Konfüçyüs’ün öğretileri daha sonra, çok sayıda öğrencisi ve takipçisi tarafından Konuşmalar (论语 lún yǔ) adlı eserde ayrıntılı bir kurallar ve uygulamalar dizisine dönüştürüldü. Söz konusu öğretiler, daha sonra Çin’in imparatorluk saraylarında memur olacak öğrenciler ile yayılmış, böylece Konfüçyüsçülük ilk geniş çaplı sınavını vermiştir. Konfüçyüs’ün öğrencileri ve tek torunu Zisi (子思), onun ölümünden sonra felsefe okulunu devam ettirmiştir.
Konfüçyüsçü Yaklaşıma Kısa Bir Bakış
Konfüçyüs döneminde toplumsal düzen, feodal yapı içinde aile bağları ve hiyerarşik ilişkilerle belirleniyordu. Ancak söz konusu sistem, siyasal çatışmalar nedeniyle yozlaşmaya başlamıştı. Konfüçyüs bu karmaşa içerisinde kendisini geçmiş öğretileri bugüne taşıyan bir aktarıcı olarak tanımlıyor, bireylerin ve yöneticilerin erdemli davranışlar sergilemesi gerektiğini vurguluyordu.

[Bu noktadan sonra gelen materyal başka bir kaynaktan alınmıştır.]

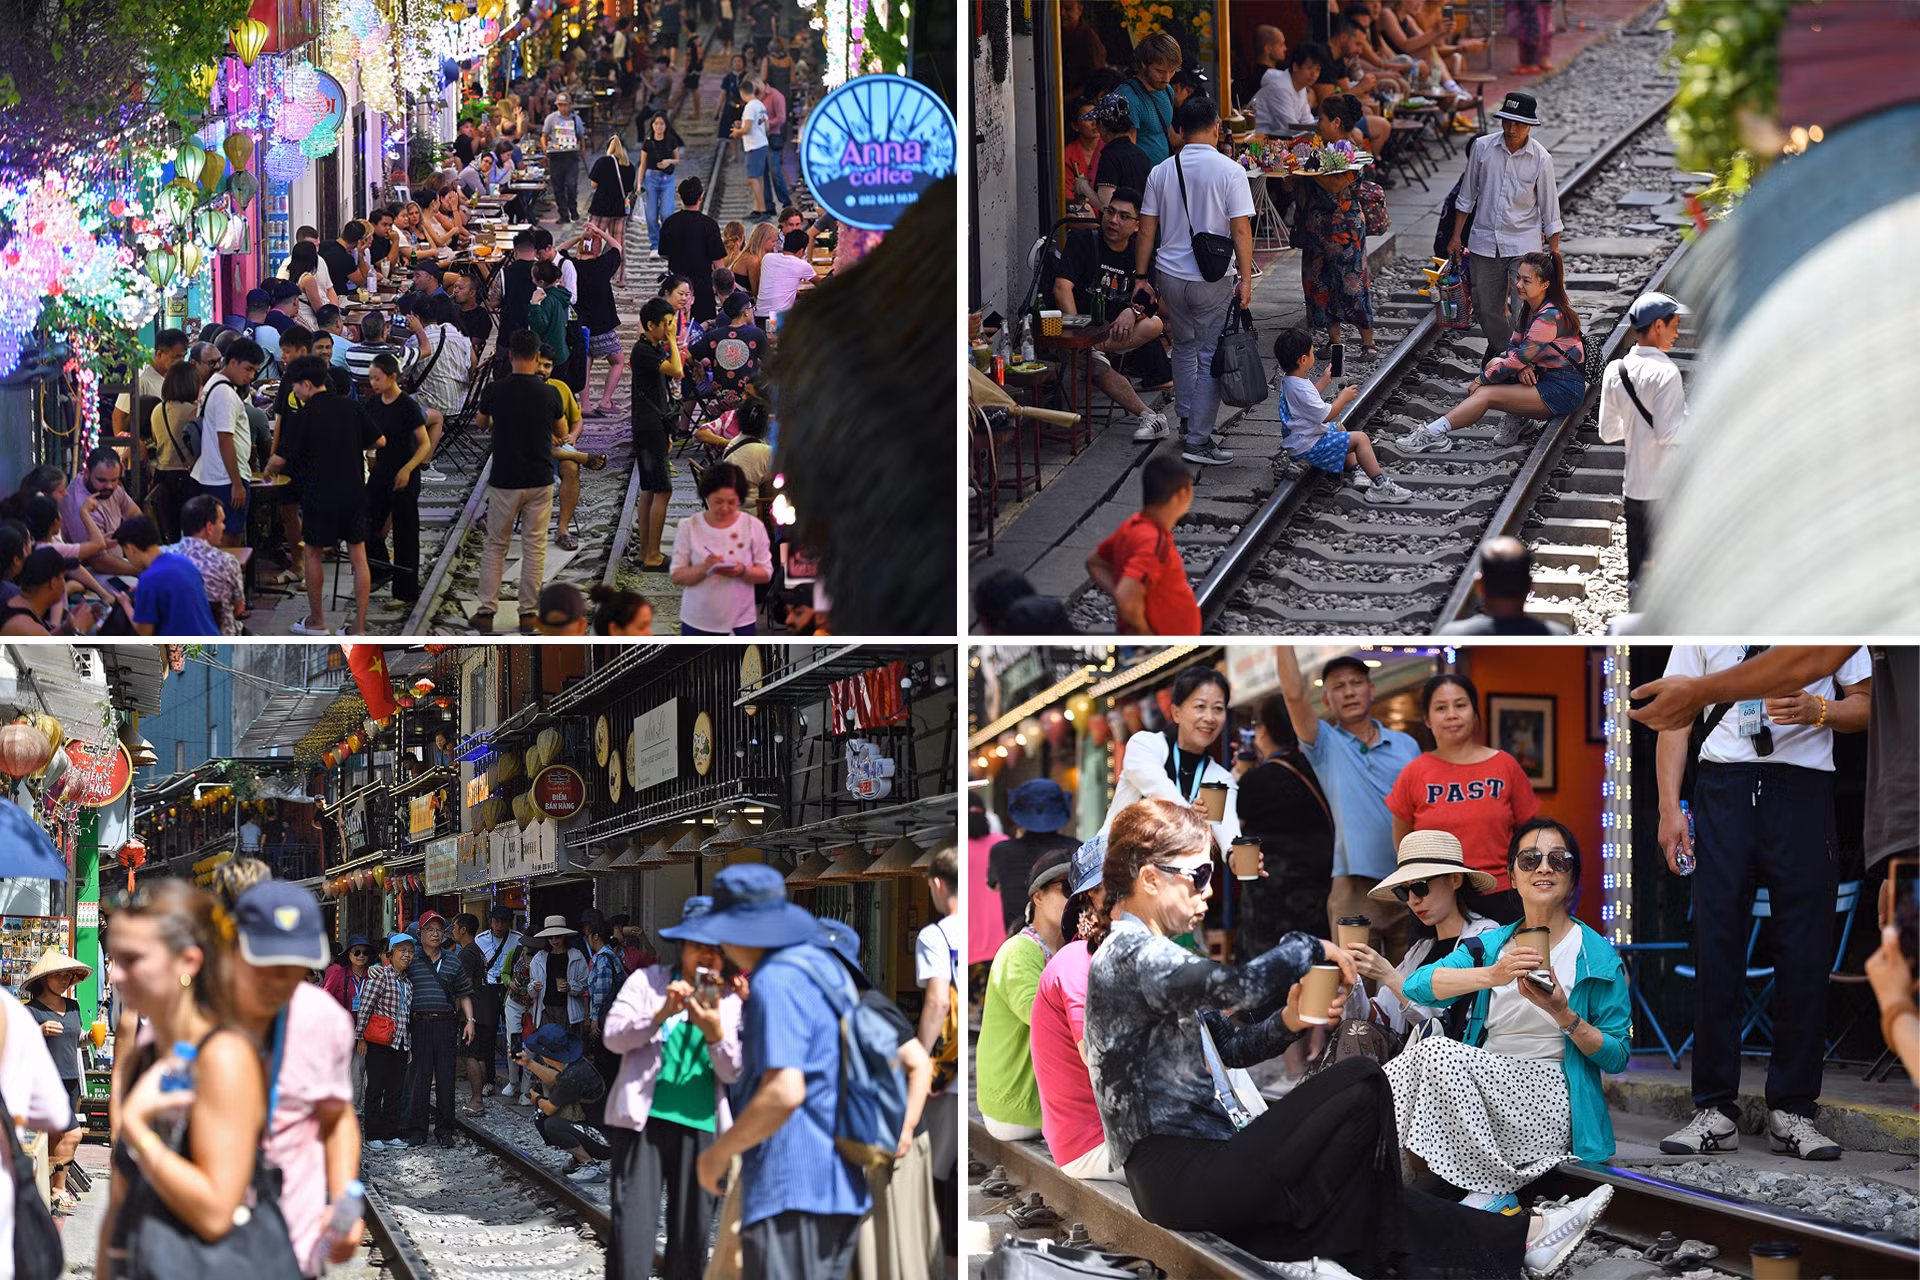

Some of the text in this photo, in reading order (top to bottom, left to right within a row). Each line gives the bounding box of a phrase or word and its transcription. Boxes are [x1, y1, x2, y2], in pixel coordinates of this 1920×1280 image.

[841, 138, 922, 167] Anna
[849, 166, 914, 187] coffee
[1743, 707, 1756, 717] 606
[1425, 777, 1504, 804] PAST

Biri Konfüçyüs’e sordu: Neden hükümette değilsiniz?
Üstat dedi ki: Shujing (Tarih Kitabı/Klasiği) şöyle der: hürmetkar ol, sadece hürmetkar ol, büyük ve küçük kardeşlerine dost ol—bu hükümete katkıdır. Bunu yapmak, aslında hükümete katılmaktır. Neden “hükümette” olmam gerekiyor? (Konuşmalar, Kitap İki, 21)
Yönetim ile erdem arasındaki ilişki organiktir. Bu bağlamda Ata Sevgisi (Filial Piety, 孝 xiào) hukukun yönetimine aşağıdan yukarıya doğru bir yaklaşım olarak görülebilir. Hukuk ve erdemi ilişkilendiren bakış açısına Konfüçyüs düşüncesinde sıkça rastlanır. Bu ilişki içinde, Konfüçyüs erdeme daha fazla önem vermektedir:
Üstat dedi ki: Onlara hükümet emirleriyle rehberlik et, cezalarla düzenle; halk yasayı çiğnemeye çalışır ve utanmaz. Onlara erdemle rehberlik et, ritüelle düzenle; utanma duygusuna sahip ve dürüst olurlar. (Konuşmalar, Kitap İki, 3)

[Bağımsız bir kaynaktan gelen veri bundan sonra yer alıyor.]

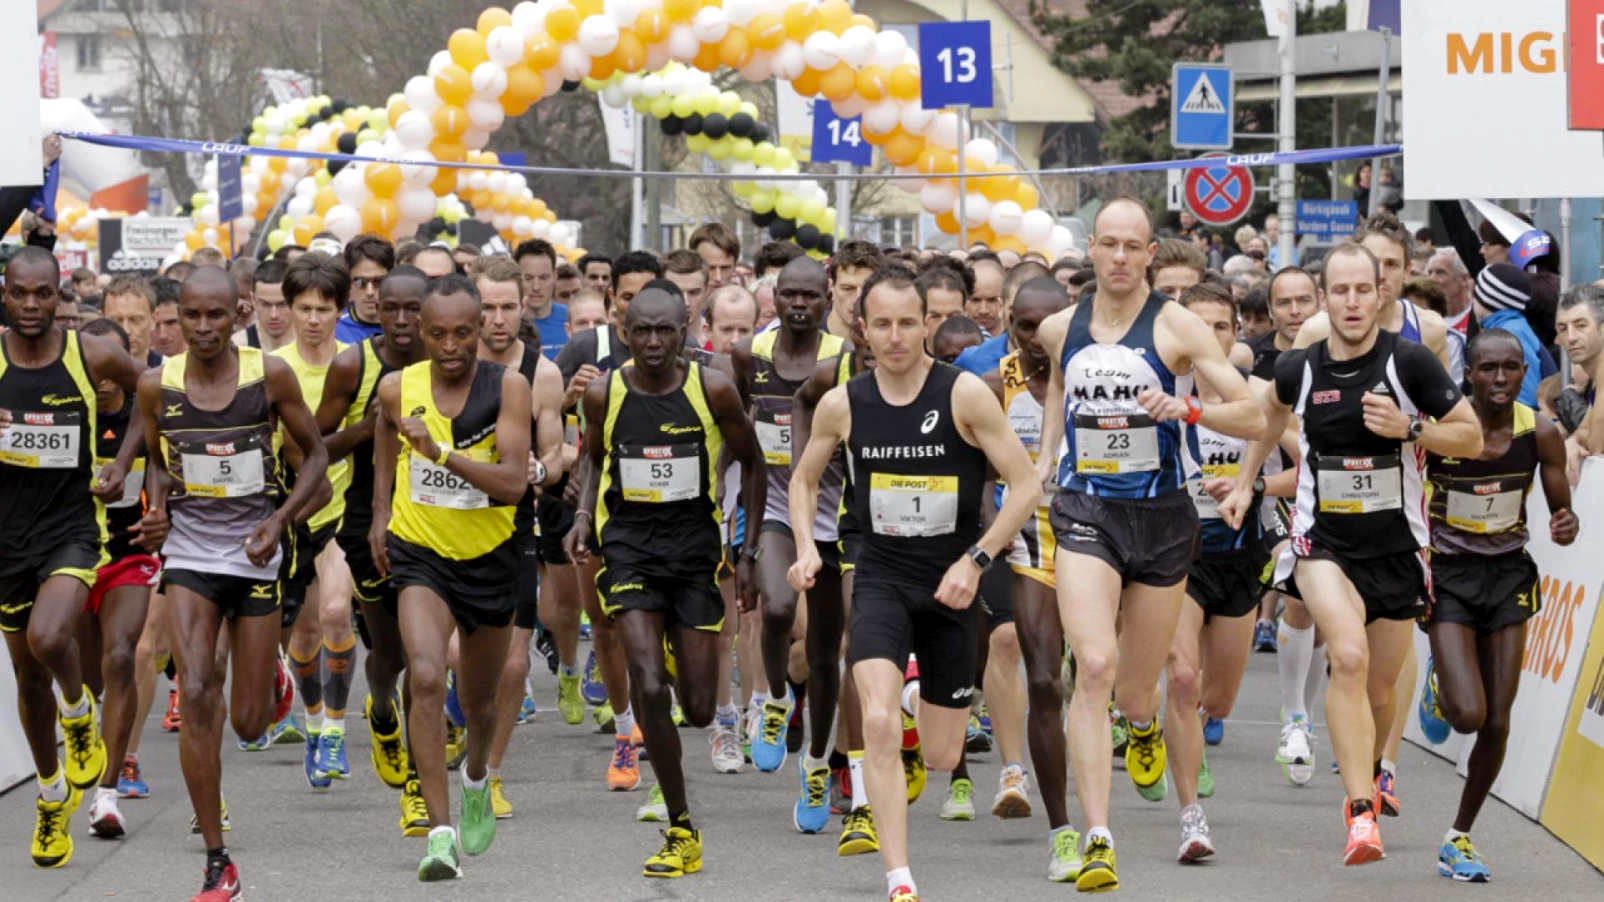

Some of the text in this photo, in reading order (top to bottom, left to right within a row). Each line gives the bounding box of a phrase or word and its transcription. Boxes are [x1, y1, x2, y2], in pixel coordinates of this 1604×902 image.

[1446, 31, 1566, 74] MIG
[936, 46, 977, 83] 13
[827, 119, 861, 147] 14
[11, 432, 70, 450] 28361
[1106, 432, 1131, 450] 23
[861, 444, 946, 459] RAIFFEISEN
[219, 460, 231, 475] 5
[651, 463, 673, 479] 53
[421, 468, 472, 490] 2862
[890, 480, 928, 488] DIE POST
[1352, 475, 1373, 490] 31
[911, 496, 921, 513] 1
[1485, 497, 1495, 512] 7
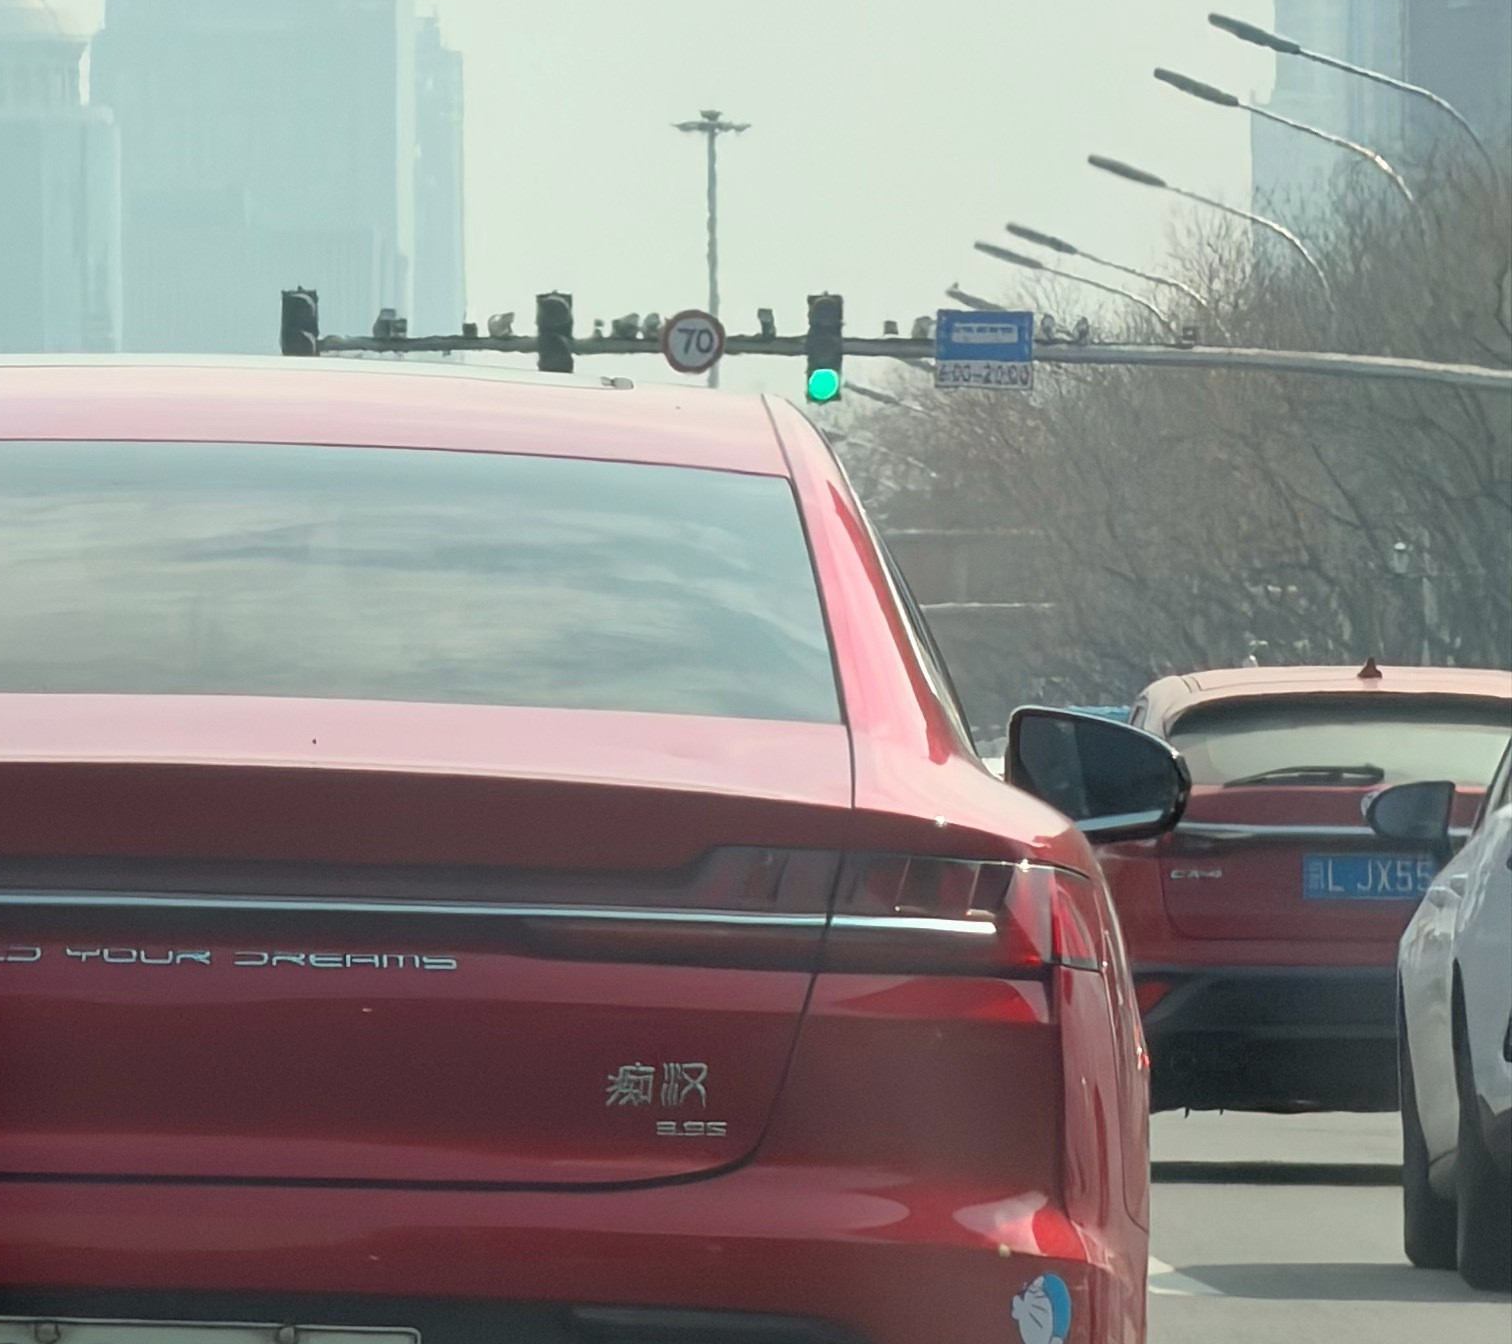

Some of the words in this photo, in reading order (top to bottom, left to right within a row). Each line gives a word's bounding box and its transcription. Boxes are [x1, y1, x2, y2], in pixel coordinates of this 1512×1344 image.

[677, 327, 714, 355] 70
[65, 947, 211, 965] YOUR
[234, 951, 458, 970] DREAMS
[605, 1061, 708, 1108] 痴汉

Konfüçyüs, yasanın önemini göz ardı etmez; aksine, yasalara uyacak iradeyi yaratmak için bir araç ortaya koyar. Diğer dinlerin aksine, Konfüçyüsçülük, bireyin davranışlarını terbiye etmek için insan ruhuna dair aşkın bir anlatı yaratmamıştır. Öğretileri, aile ve ülke gibi pratik meselelerden ayrılmaz, bu da Çin halkının toplumsal pratiğe olan bağlılığını yansıtır.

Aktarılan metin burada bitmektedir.